### Task item
An exact retyping of all lines below is the answer; pictures do not belong in it.

──────── Record excerpts ────────

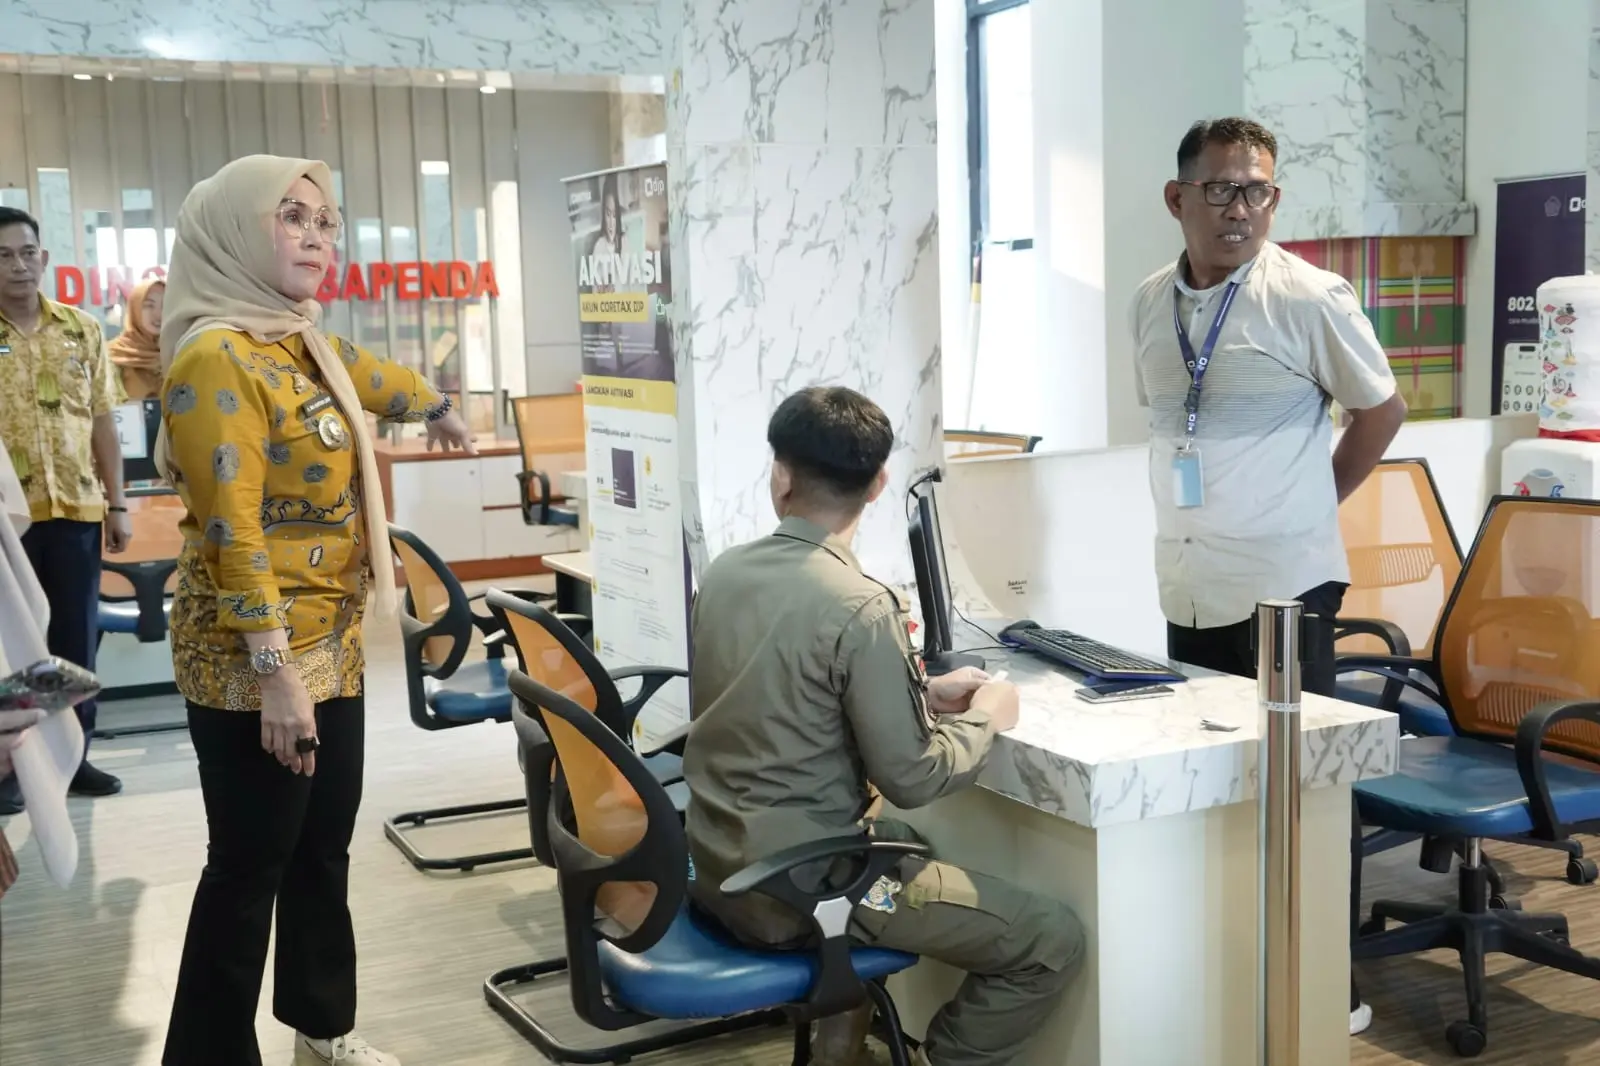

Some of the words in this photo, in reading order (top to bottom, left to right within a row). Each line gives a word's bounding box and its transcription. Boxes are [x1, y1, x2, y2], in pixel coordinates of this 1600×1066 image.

[579, 250, 662, 286] AKTIVASI
[55, 264, 167, 305] DIN
[316, 259, 500, 305] BAPENDA
[600, 300, 632, 313] CORETAX
[1507, 296, 1535, 311] 802
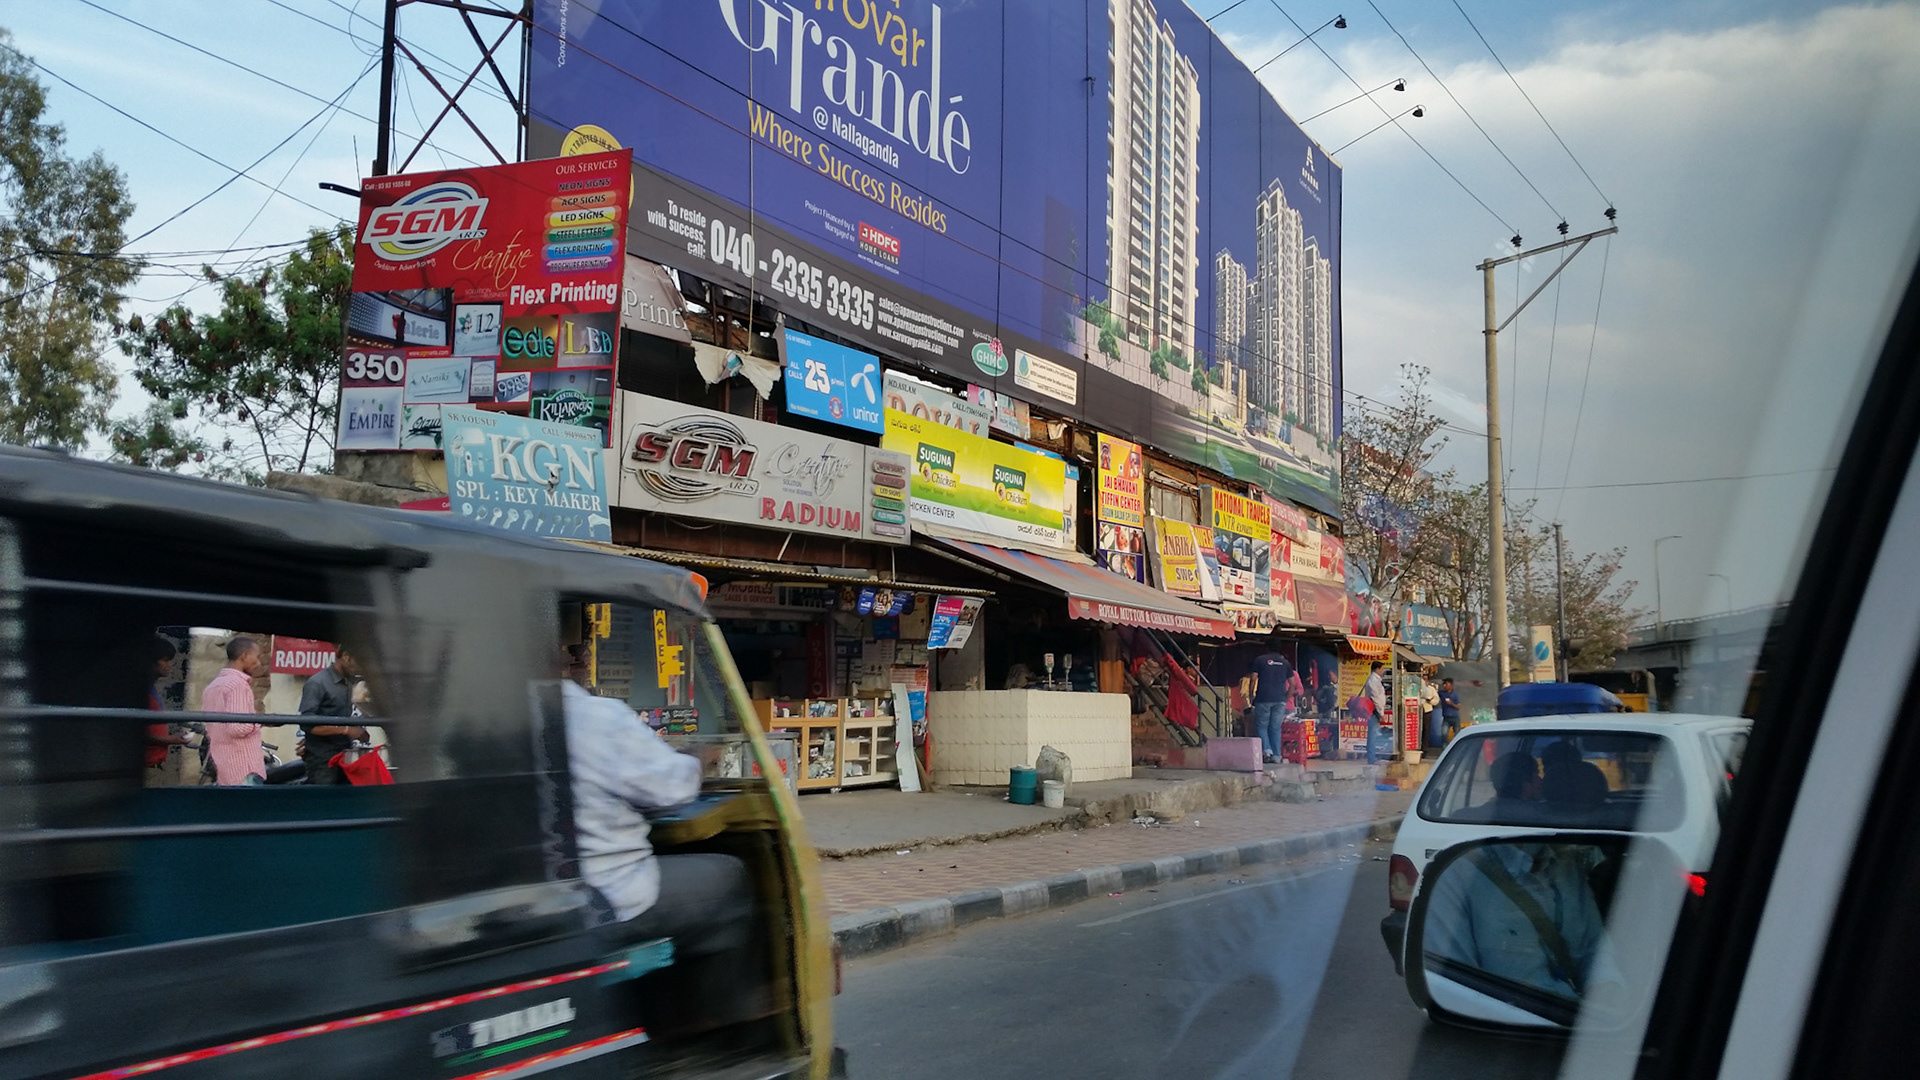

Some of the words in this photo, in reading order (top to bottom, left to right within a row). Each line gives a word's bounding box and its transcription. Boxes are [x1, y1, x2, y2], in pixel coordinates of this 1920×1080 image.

[812, 105, 829, 129] @
[831, 114, 899, 169] Nallagandla
[555, 165, 576, 175] OUR
[578, 159, 618, 173] SERVICES
[747, 99, 812, 165] Where
[817, 143, 885, 204] Success
[891, 182, 947, 234] Resides
[558, 182, 583, 191] NEON
[584, 178, 611, 189] SIGNS
[562, 197, 579, 206] ACP
[580, 195, 606, 204] SIGNS
[371, 205, 480, 238] SGM
[560, 213, 577, 222] LED
[578, 211, 604, 220] SIGNS
[667, 199, 678, 217] To
[679, 206, 706, 228] reside
[804, 199, 822, 217] Project
[823, 209, 843, 227] Financed
[556, 230, 576, 240] STEEL
[576, 227, 606, 238] LETTERS
[647, 209, 667, 229] with
[668, 218, 706, 246] success,
[554, 246, 571, 255] FLEX
[572, 243, 606, 253] PRINTING
[687, 242, 706, 259] call:
[869, 228, 899, 253] HDFC
[452, 230, 533, 290] Creative
[859, 241, 877, 256] HOME
[879, 250, 899, 265] LOANS
[710, 219, 756, 278] 040
[771, 249, 823, 310] 2335
[827, 275, 875, 331] 3335
[509, 284, 546, 305] Flex
[549, 281, 618, 305] Printing
[878, 296, 964, 338] sales@aparnaconstructions.com
[564, 320, 613, 354] LED
[878, 310, 959, 349] www.aparnaconstructions.com
[346, 352, 404, 382] 350
[790, 360, 800, 370] ALL
[976, 349, 1003, 370] GHMC
[787, 369, 803, 380] CALLS
[804, 358, 831, 395] 25
[349, 410, 396, 431] EMPIRE
[852, 406, 879, 424] uninor
[487, 432, 599, 492] KGN
[631, 431, 756, 478] SGM
[919, 446, 952, 467] SUGUNA
[726, 481, 756, 492] ARTS
[932, 471, 957, 488] Chicken
[995, 468, 1023, 486] SUGUNA
[1104, 475, 1113, 490] JAI
[1113, 477, 1138, 496] BHAVANI
[456, 479, 491, 501] SPL
[504, 484, 539, 505] KEY
[544, 489, 602, 513] MAKER
[1005, 491, 1028, 506] Chicken
[1101, 491, 1119, 508] TIFFIN
[1120, 495, 1141, 513] CENTER
[1215, 490, 1245, 518] NATIONAL
[1246, 500, 1270, 526] TRAVELS
[762, 497, 861, 532] RADIUM
[932, 506, 955, 519] CENTER
[1098, 603, 1119, 619] ROYAL
[1119, 606, 1144, 622] MUTTON
[1145, 610, 1151, 623] &
[1150, 611, 1175, 627] CHICKEN
[1175, 615, 1197, 630] CENTER
[275, 650, 336, 669] RADIUM

────────

### Response to this task
Some of the words in this photo, in reading order (top to bottom, left to right within a row). Each line gives a word's bounding box and its transcription. Boxes are [x1, y1, x2, y2], in pixel coordinates of this 1600×1066 image.

[579, 250, 662, 286] AKTIVASI
[55, 264, 167, 305] DIN
[316, 259, 500, 305] BAPENDA
[600, 300, 632, 313] CORETAX
[1507, 296, 1535, 311] 802

Some of the words in this photo, in reading order (top to bottom, left to right within a row). Each line gives a word's bounding box and its transcription. Boxes are [x1, y1, x2, y2], in pixel coordinates of this 1920×1080 image.

[812, 105, 829, 129] @
[831, 114, 899, 169] Nallagandla
[555, 165, 576, 175] OUR
[578, 159, 618, 173] SERVICES
[747, 99, 812, 165] Where
[817, 143, 885, 204] Success
[891, 182, 947, 234] Resides
[558, 182, 583, 191] NEON
[584, 178, 611, 189] SIGNS
[562, 197, 579, 206] ACP
[580, 195, 606, 204] SIGNS
[371, 205, 480, 238] SGM
[560, 213, 577, 222] LED
[578, 211, 604, 220] SIGNS
[667, 199, 678, 217] To
[679, 206, 706, 228] reside
[804, 199, 822, 217] Project
[823, 209, 843, 227] Financed
[556, 230, 576, 240] STEEL
[576, 227, 606, 238] LETTERS
[647, 209, 667, 229] with
[668, 218, 706, 246] success,
[554, 246, 571, 255] FLEX
[572, 243, 606, 253] PRINTING
[687, 242, 706, 259] call:
[869, 228, 899, 253] HDFC
[452, 230, 533, 290] Creative
[859, 241, 877, 256] HOME
[879, 250, 899, 265] LOANS
[710, 219, 756, 278] 040
[771, 249, 823, 310] 2335
[827, 275, 875, 331] 3335
[509, 284, 546, 305] Flex
[549, 281, 618, 305] Printing
[878, 296, 964, 338] sales@aparnaconstructions.com
[564, 320, 613, 354] LED
[878, 310, 959, 349] www.aparnaconstructions.com
[346, 352, 404, 382] 350
[790, 360, 800, 370] ALL
[976, 349, 1003, 370] GHMC
[787, 369, 803, 380] CALLS
[804, 358, 831, 395] 25
[349, 410, 396, 431] EMPIRE
[852, 406, 879, 424] uninor
[487, 432, 599, 492] KGN
[631, 431, 756, 478] SGM
[919, 446, 952, 467] SUGUNA
[726, 481, 756, 492] ARTS
[932, 471, 957, 488] Chicken
[995, 468, 1023, 486] SUGUNA
[1104, 475, 1113, 490] JAI
[1113, 477, 1138, 496] BHAVANI
[456, 479, 491, 501] SPL
[504, 484, 539, 505] KEY
[544, 489, 602, 513] MAKER
[1005, 491, 1028, 506] Chicken
[1101, 491, 1119, 508] TIFFIN
[1120, 495, 1141, 513] CENTER
[1215, 490, 1245, 518] NATIONAL
[1246, 500, 1270, 526] TRAVELS
[762, 497, 861, 532] RADIUM
[932, 506, 955, 519] CENTER
[1098, 603, 1119, 619] ROYAL
[1119, 606, 1144, 622] MUTTON
[1145, 610, 1151, 623] &
[1150, 611, 1175, 627] CHICKEN
[1175, 615, 1197, 630] CENTER
[275, 650, 336, 669] RADIUM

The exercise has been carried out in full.